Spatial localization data

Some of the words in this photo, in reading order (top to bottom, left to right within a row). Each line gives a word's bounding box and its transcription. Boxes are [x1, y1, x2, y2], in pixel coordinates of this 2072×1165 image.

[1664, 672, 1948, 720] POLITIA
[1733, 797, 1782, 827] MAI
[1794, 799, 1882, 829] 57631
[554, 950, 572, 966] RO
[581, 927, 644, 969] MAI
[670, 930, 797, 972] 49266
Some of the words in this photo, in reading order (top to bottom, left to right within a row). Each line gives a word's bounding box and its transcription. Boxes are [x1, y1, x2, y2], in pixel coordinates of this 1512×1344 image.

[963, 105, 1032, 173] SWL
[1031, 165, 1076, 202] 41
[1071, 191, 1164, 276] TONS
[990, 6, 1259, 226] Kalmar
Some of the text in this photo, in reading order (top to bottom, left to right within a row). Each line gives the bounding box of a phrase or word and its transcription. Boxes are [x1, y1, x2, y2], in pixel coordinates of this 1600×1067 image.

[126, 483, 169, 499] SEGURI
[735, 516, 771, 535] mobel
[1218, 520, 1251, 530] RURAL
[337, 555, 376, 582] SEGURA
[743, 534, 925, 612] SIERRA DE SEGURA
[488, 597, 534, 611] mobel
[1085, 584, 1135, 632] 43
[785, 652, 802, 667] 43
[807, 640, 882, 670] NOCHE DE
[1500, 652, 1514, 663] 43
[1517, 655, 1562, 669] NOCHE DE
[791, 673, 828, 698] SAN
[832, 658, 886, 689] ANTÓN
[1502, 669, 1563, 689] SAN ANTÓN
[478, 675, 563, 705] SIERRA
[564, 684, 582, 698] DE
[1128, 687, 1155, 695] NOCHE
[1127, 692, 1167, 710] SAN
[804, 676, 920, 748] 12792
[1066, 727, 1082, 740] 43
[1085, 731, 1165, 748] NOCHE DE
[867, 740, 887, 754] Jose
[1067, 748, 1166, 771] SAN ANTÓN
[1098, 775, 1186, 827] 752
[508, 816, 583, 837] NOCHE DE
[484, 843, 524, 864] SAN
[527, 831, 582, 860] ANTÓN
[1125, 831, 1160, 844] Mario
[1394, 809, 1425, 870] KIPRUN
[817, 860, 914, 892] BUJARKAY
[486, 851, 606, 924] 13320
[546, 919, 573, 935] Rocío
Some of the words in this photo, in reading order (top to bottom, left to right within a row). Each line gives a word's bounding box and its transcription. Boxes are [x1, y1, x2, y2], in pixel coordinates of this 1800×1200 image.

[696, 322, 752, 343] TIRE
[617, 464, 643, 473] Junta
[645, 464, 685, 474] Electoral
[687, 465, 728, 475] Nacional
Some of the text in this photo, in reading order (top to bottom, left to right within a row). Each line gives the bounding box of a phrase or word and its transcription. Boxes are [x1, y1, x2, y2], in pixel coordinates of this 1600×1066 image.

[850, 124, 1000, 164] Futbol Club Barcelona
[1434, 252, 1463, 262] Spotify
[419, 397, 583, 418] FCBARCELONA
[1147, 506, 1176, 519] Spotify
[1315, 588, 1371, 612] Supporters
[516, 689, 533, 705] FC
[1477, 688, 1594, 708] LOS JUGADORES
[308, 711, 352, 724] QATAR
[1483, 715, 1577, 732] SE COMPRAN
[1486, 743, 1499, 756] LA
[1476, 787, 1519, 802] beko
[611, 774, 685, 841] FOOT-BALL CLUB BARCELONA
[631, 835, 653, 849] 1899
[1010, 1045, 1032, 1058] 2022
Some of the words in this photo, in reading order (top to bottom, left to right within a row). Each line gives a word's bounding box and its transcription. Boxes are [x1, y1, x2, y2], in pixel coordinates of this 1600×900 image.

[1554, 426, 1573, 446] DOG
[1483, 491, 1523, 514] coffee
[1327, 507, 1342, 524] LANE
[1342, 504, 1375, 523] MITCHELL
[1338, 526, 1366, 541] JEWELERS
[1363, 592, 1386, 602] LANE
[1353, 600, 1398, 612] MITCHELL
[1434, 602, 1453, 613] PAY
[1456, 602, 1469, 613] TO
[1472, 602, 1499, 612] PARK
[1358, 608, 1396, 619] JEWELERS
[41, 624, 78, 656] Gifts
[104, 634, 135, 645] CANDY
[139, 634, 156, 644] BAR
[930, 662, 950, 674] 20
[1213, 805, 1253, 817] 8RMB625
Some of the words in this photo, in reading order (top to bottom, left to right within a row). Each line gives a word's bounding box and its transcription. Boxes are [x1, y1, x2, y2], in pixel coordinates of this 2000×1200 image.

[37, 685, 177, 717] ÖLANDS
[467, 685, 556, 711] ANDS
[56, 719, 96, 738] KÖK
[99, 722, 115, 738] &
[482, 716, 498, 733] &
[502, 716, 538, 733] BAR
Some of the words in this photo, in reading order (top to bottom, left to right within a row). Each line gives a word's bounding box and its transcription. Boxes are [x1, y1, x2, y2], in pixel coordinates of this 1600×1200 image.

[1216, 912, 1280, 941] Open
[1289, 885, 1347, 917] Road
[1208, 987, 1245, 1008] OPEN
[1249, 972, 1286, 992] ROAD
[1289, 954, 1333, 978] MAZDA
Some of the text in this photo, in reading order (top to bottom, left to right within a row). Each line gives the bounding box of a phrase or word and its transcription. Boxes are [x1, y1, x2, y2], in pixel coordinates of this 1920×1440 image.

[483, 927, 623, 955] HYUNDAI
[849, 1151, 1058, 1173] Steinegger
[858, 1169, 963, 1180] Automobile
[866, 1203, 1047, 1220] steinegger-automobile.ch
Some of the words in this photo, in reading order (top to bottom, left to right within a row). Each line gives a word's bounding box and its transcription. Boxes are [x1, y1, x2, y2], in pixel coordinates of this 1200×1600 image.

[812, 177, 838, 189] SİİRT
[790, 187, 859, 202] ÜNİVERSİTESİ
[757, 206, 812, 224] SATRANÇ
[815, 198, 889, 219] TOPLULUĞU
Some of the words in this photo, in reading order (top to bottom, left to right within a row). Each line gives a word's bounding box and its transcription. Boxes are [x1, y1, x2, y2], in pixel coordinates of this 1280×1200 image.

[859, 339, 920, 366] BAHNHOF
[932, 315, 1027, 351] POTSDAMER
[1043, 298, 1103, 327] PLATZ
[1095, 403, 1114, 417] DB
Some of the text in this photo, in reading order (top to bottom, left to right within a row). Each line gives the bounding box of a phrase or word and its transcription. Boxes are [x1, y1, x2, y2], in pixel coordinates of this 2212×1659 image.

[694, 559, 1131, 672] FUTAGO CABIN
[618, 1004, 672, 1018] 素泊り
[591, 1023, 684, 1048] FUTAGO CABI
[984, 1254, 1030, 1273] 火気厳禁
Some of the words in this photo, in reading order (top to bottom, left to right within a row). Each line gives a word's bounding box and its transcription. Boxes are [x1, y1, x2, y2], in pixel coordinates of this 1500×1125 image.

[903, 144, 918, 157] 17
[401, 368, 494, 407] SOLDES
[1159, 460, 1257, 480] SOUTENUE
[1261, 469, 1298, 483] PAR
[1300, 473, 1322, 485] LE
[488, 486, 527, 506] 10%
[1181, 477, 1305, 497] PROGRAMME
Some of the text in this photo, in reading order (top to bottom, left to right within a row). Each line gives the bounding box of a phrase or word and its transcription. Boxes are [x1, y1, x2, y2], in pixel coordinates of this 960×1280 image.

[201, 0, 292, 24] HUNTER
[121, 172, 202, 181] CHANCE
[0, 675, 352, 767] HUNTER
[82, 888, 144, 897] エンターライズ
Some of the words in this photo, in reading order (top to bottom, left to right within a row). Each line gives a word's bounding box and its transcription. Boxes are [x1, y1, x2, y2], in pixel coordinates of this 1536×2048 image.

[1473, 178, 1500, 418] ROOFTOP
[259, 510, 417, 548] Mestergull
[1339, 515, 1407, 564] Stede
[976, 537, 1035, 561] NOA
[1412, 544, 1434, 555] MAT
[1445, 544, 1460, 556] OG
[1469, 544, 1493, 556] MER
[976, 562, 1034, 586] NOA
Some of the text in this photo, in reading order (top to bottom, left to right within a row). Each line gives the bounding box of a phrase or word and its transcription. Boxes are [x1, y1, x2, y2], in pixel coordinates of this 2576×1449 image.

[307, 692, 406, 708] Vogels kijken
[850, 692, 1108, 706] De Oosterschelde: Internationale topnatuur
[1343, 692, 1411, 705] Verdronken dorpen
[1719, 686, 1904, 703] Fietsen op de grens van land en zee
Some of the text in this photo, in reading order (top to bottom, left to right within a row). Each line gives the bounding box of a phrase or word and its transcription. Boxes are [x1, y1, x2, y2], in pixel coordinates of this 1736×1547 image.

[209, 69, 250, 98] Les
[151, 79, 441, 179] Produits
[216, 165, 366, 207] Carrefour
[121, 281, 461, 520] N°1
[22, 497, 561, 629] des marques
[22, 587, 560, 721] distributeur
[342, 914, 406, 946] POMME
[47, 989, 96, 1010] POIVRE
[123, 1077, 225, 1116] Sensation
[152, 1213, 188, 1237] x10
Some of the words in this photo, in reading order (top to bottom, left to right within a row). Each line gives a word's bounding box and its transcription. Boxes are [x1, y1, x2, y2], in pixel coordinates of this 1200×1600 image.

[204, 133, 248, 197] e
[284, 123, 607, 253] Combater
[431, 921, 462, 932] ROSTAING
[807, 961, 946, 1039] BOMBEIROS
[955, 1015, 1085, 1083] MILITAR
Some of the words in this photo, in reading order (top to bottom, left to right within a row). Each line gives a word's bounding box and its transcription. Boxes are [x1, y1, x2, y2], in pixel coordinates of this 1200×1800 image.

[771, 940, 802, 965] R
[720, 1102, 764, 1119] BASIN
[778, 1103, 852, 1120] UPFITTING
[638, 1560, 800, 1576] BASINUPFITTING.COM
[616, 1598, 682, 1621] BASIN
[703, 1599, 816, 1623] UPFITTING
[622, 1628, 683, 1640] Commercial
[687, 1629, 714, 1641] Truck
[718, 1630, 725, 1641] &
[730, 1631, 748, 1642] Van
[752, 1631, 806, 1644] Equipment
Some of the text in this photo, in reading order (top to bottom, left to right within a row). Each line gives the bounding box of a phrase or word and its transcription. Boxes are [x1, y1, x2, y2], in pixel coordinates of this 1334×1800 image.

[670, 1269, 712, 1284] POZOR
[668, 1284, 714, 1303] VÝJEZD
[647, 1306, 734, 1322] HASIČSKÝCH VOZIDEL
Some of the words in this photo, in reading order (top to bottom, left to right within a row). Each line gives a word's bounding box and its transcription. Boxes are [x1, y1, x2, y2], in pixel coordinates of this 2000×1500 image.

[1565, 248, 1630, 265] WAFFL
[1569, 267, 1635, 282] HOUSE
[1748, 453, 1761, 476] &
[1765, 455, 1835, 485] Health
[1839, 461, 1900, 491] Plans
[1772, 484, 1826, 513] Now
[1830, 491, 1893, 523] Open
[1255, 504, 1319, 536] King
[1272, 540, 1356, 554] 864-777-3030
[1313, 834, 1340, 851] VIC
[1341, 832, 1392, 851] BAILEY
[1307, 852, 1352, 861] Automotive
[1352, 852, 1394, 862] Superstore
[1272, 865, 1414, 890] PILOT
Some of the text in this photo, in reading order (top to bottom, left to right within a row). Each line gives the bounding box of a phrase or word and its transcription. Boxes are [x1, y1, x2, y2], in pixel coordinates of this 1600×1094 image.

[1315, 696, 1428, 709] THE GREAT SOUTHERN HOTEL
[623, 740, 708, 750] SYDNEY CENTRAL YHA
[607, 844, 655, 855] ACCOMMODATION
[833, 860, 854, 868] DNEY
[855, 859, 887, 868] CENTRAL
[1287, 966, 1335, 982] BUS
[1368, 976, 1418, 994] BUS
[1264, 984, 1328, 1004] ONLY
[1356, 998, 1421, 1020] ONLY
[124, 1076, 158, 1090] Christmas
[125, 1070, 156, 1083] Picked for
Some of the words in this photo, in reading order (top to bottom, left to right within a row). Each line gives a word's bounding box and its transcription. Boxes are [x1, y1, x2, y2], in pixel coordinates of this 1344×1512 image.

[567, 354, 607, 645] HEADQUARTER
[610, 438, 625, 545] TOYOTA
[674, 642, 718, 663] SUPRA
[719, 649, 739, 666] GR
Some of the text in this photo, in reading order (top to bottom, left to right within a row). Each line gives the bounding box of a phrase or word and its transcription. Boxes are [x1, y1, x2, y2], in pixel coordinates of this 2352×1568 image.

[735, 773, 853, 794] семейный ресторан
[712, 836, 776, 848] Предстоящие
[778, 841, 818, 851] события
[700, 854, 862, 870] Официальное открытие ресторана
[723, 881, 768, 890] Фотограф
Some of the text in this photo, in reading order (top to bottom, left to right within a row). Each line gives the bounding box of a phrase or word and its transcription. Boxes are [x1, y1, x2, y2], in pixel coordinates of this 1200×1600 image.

_Task to carry out_
Your answer must be the line holding "this 1600×1094 image." plus every later line to the end of the records, copied exactly.

_Answer box_
Some of the text in this photo, in reading order (top to bottom, left to right within a row). Each line gives the bounding box of a phrase or word and its transcription. Boxes are [x1, y1, x2, y2], in pixel coordinates of this 1600×1094 image.

[1315, 696, 1428, 709] THE GREAT SOUTHERN HOTEL
[623, 740, 708, 750] SYDNEY CENTRAL YHA
[607, 844, 655, 855] ACCOMMODATION
[833, 860, 854, 868] DNEY
[855, 859, 887, 868] CENTRAL
[1287, 966, 1335, 982] BUS
[1368, 976, 1418, 994] BUS
[1264, 984, 1328, 1004] ONLY
[1356, 998, 1421, 1020] ONLY
[124, 1076, 158, 1090] Christmas
[125, 1070, 156, 1083] Picked for
Some of the words in this photo, in reading order (top to bottom, left to right within a row). Each line gives a word's bounding box and its transcription. Boxes are [x1, y1, x2, y2], in pixel coordinates of this 1344×1512 image.

[567, 354, 607, 645] HEADQUARTER
[610, 438, 625, 545] TOYOTA
[674, 642, 718, 663] SUPRA
[719, 649, 739, 666] GR
Some of the text in this photo, in reading order (top to bottom, left to right within a row). Each line gives the bounding box of a phrase or word and its transcription. Boxes are [x1, y1, x2, y2], in pixel coordinates of this 2352×1568 image.

[735, 773, 853, 794] семейный ресторан
[712, 836, 776, 848] Предстоящие
[778, 841, 818, 851] события
[700, 854, 862, 870] Официальное открытие ресторана
[723, 881, 768, 890] Фотограф
Some of the text in this photo, in reading order (top to bottom, left to right within a row). Each line gives the bounding box of a phrase or word and its transcription. Boxes are [x1, y1, x2, y2], in pixel coordinates of this 1200×1600 image.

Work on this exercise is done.